A pod can define a volume, such as a local disk directory or a network disk, and expose it to the containers in the pod.[39] Pods can be managed manually through the Kubernetes API, or their management can be delegated to a controller.[26] Such volumes are also the basis for the Kubernetes features of ConfigMaps (to provide access to configuration through the filesystem visible to the container) and Secrets (to provide access to credentials needed to access remote resources securely, by providing those credentials on the filesystem visible only to authorized containers).
ReplicaSets
A ReplicaSet’s purpose is to maintain a stable set of replica Pods running at any given time. As such, it is often used to guarantee the availability of a specified number of identical Pods.[40]
The ReplicaSets[41] can also be said to be a grouping mechanism that lets Kubernetes maintain the number of instances that have been declared for a given pod. The definition of a Replica Set uses a selector, whose evaluation will result in identifying all pods that are associated with it.
Services
Simplified view showing how Services interact with Pod networking in a Kubernetes cluster
A Kubernetes service is a set of pods that work together, such as one tier of a multi-tier application. The set of pods that constitute a service are defined by a label selector.[26] Kubernetes provides two modes of service discovery, using environmental variables or using Kubernetes DNS.[42] Service discovery assigns a stable IP address and DNS name to the service, and load balances traffic in a round-robin manner to network connections of that IP address among the pods matching the selector (even as failures cause the pods to move from machine to machine).[38] By default a service is exposed inside a cluster (e.g., back end pods might be grouped into a service, with requests from the front-end pods load-balanced among them), but a service can also be exposed outside a cluster (e.g., for clients to reach front-end pods).[43]
Volumes
Filesystems in the Kubernetes container provide ephemeral storage, by default. This means that a restart of the pod will wipe out any data on such containers, and therefore, this form of storage is quite limiting in anything but trivial applications. A Kubernetes Volume[44] provides persistent storage that exists for the lifetime of the pod itself. This storage can also be used as shared disk space for containers within the pod. Volumes are mounted at specific mount points within the container, which are defined by the pod configuration, and cannot mount onto other volumes or link to other volumes. The same volume can be mounted at different points in the filesystem tree by different containers.
Namespaces
Kubernetes provides a partitioning of the resources it manages into non-overlapping sets called namespaces.[45] They are intended for use in environments with many users spread across multiple teams, or projects, or even separating environments like development, test, and production.
ConfigMaps and Secrets
A common application challenge is deciding where to store and manage configuration information, some of which may contain sensitive data. Configuration data can be anything as fine-grained as individual properties or coarse-grained information like entire configuration files or JSON / XML documents. Kubernetes provides two closely related mechanisms to deal with this need: “configmaps” and “secrets”, both of which allow for configuration changes to be made without requiring an application build. The data from configmaps and secrets will be made available to every single instance of the application to which these objects have been bound via the deployment. A secret and / or a configmap is only sent to a node if a pod on that node requires it. Kubernetes will keep it in memory on that node. Once the pod that depends on the secret or configmap is deleted, the in-memory copy of all bound secrets and configmaps are deleted as well. The data is accessible to the pod through one of two ways: a) as environment variables (which will be created by Kubernetes when the pod is started) or b) available on the container filesystem that is visible only from within the pod.
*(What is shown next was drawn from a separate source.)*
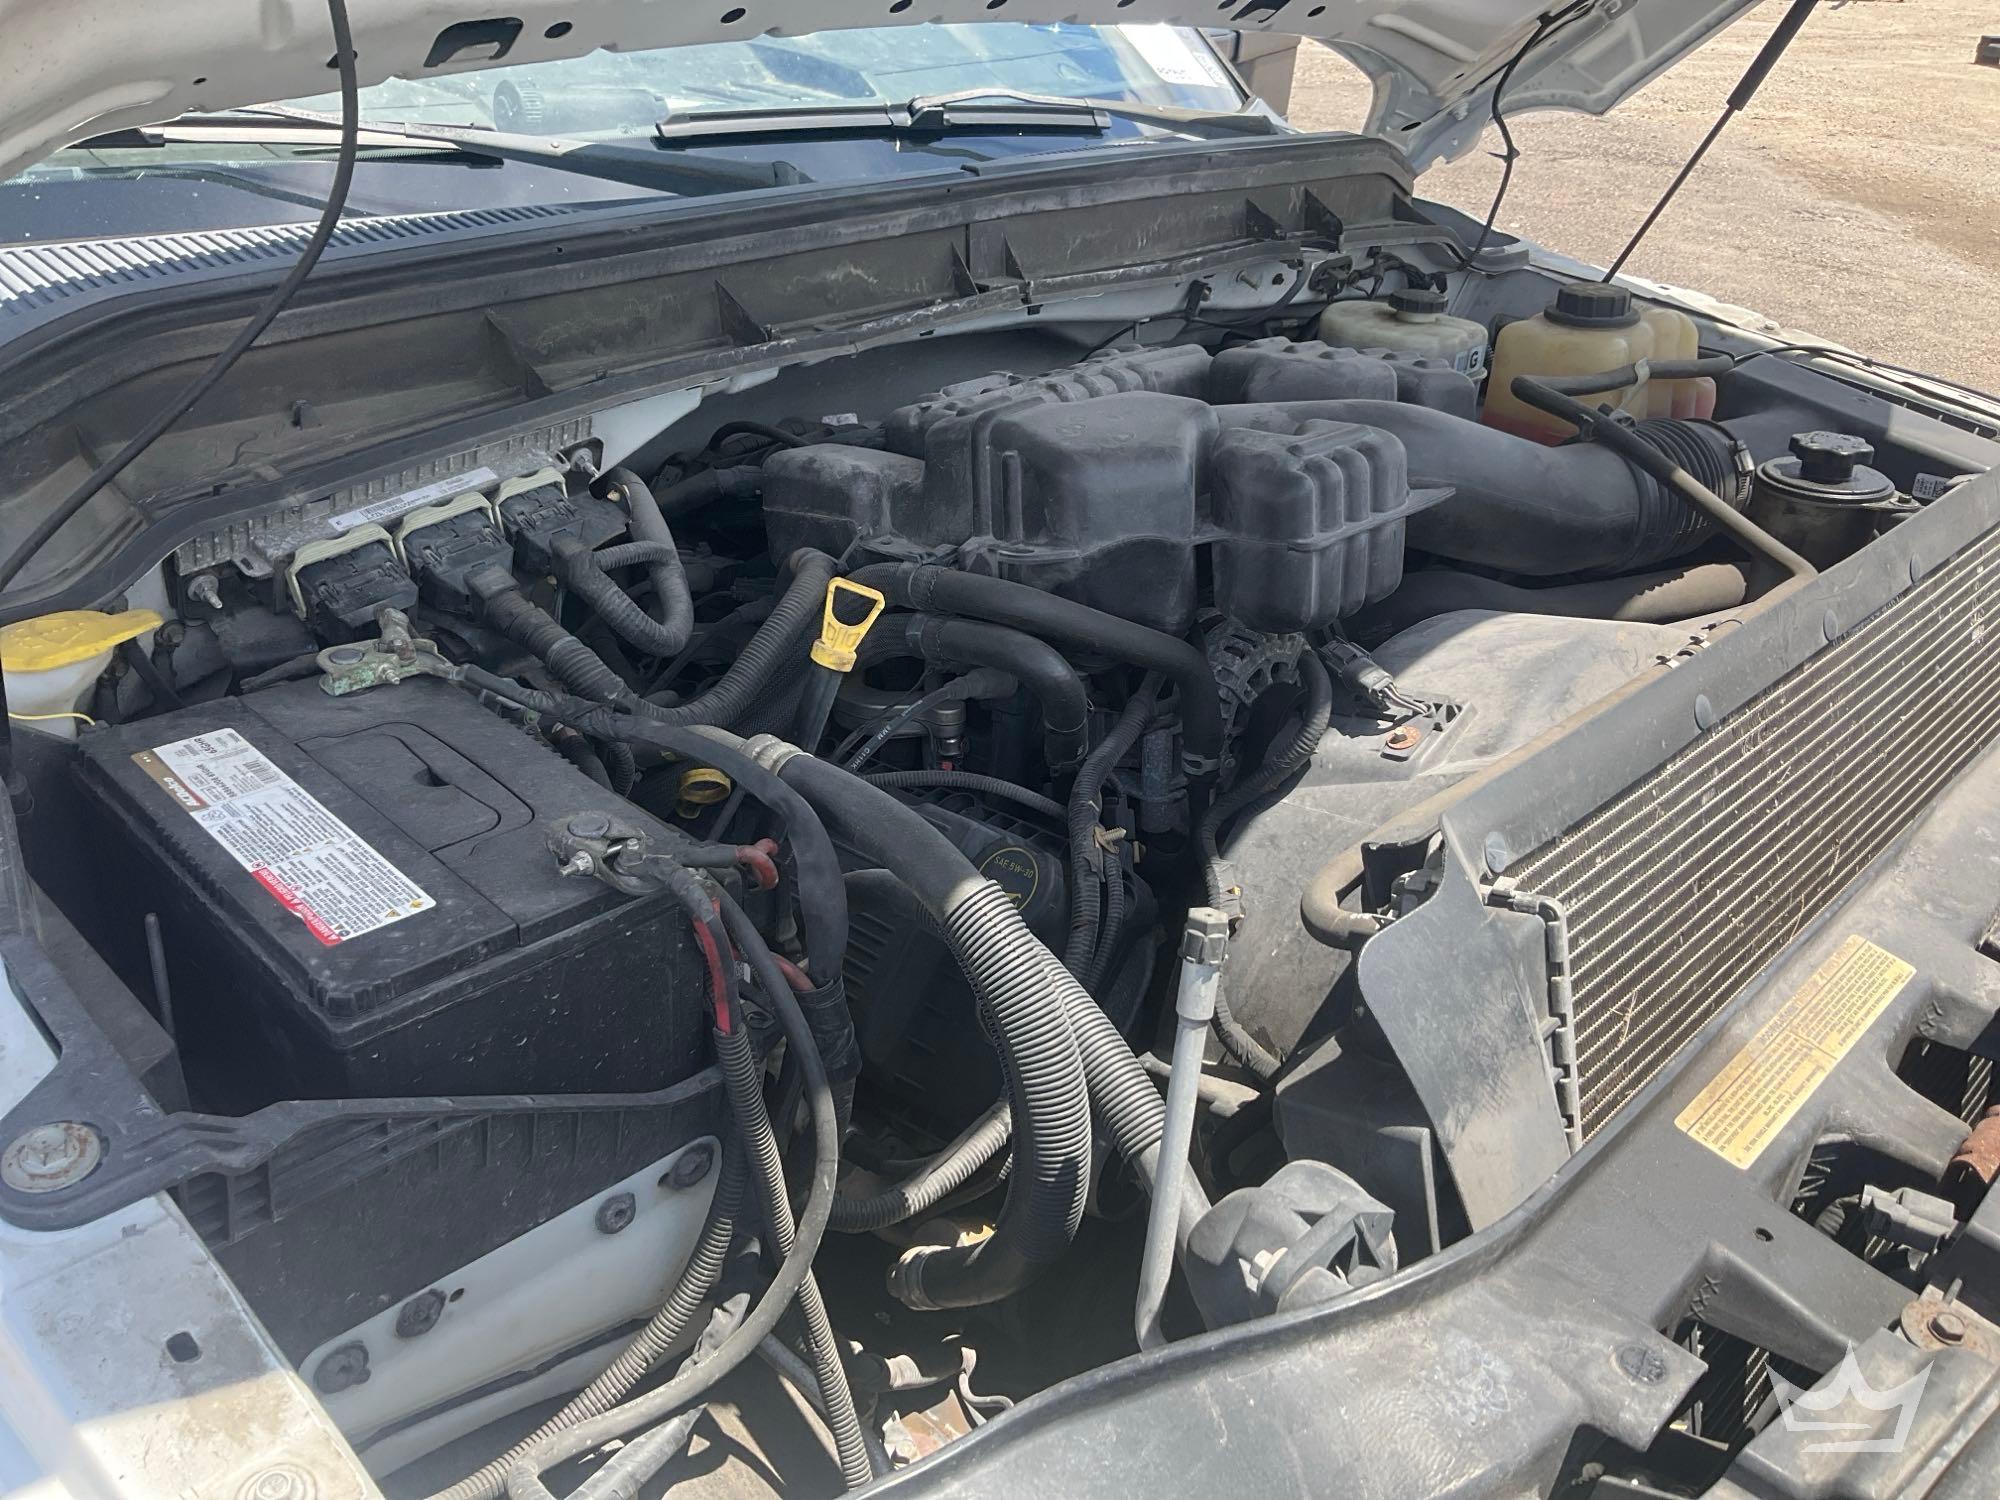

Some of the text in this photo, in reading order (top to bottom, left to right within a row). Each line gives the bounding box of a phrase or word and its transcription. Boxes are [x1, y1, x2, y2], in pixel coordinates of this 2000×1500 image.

[1470, 350, 1479, 368] G
[163, 777, 201, 806] ACDelco
[994, 856, 1009, 868] SAE
The data itself is stored on the master which is a highly secured machine which nobody should have login access to. The biggest difference between a secret and a configmap is that the content of the data in a secret is base64 encoded. Recent versions of Kubernetes have introduced support for encryption to be used as well. Secrets are often used to store data like certificates, passwords, pull secrets (credentials to work with image registries), and ssh keys.
StatefulSets
It is very easy to address the scaling of stateless applications: one simply adds more running pods—which is something that Kubernetes does very well. Stateful workloads are much harder, because the state needs to be preserved if a pod is restarted, and if the application is scaled up or down, then the state may need to be redistributed. Databases are an example of stateful workloads. When run in high-availability mode, many databases come with the notion of a primary instance and secondary instance(s). In this case, the notion of ordering of instances is important. Other applications like Kafka distribute the data amongst their brokers—so one broker is not the same as another. In this case, the notion of instance uniqueness is important. StatefulSets[46] are controllers (see Controller Manager, below) that are provided by Kubernetes that enforce the properties of uniqueness and ordering amongst instances of a pod and can be used to run stateful applications.
DaemonSets
Normally, the locations where pods are run are determined by the algorithm implemented in the Kubernetes Scheduler. For some use cases, though, there could be a need to run a pod on every single node in the cluster. This is useful for use cases like log collection, ingress controllers, and storage services. The ability to do this kind of pod scheduling is implemented by the feature called DaemonSets.[47]
Labels and selectors
Kubernetes enables clients (users or internal components) to attach keys called “labels” to any API object in the system, such as pods and nodes. Correspondingly, “label selectors” are queries against labels that resolve to matching objects.[26] When a service is defined, one can define the label selectors that will be used by the service router / load balancer to select the pod instances that the traffic will be routed to. Thus, simply changing the labels of the pods or changing the label selectors on the service can be used to control which pods get traffic and which don’t, which can be used to support various deployment patterns like blue-green deployments or A-B testing. This capability to dynamically control how services utilize implementing resources provides a loose coupling within the infrastructure.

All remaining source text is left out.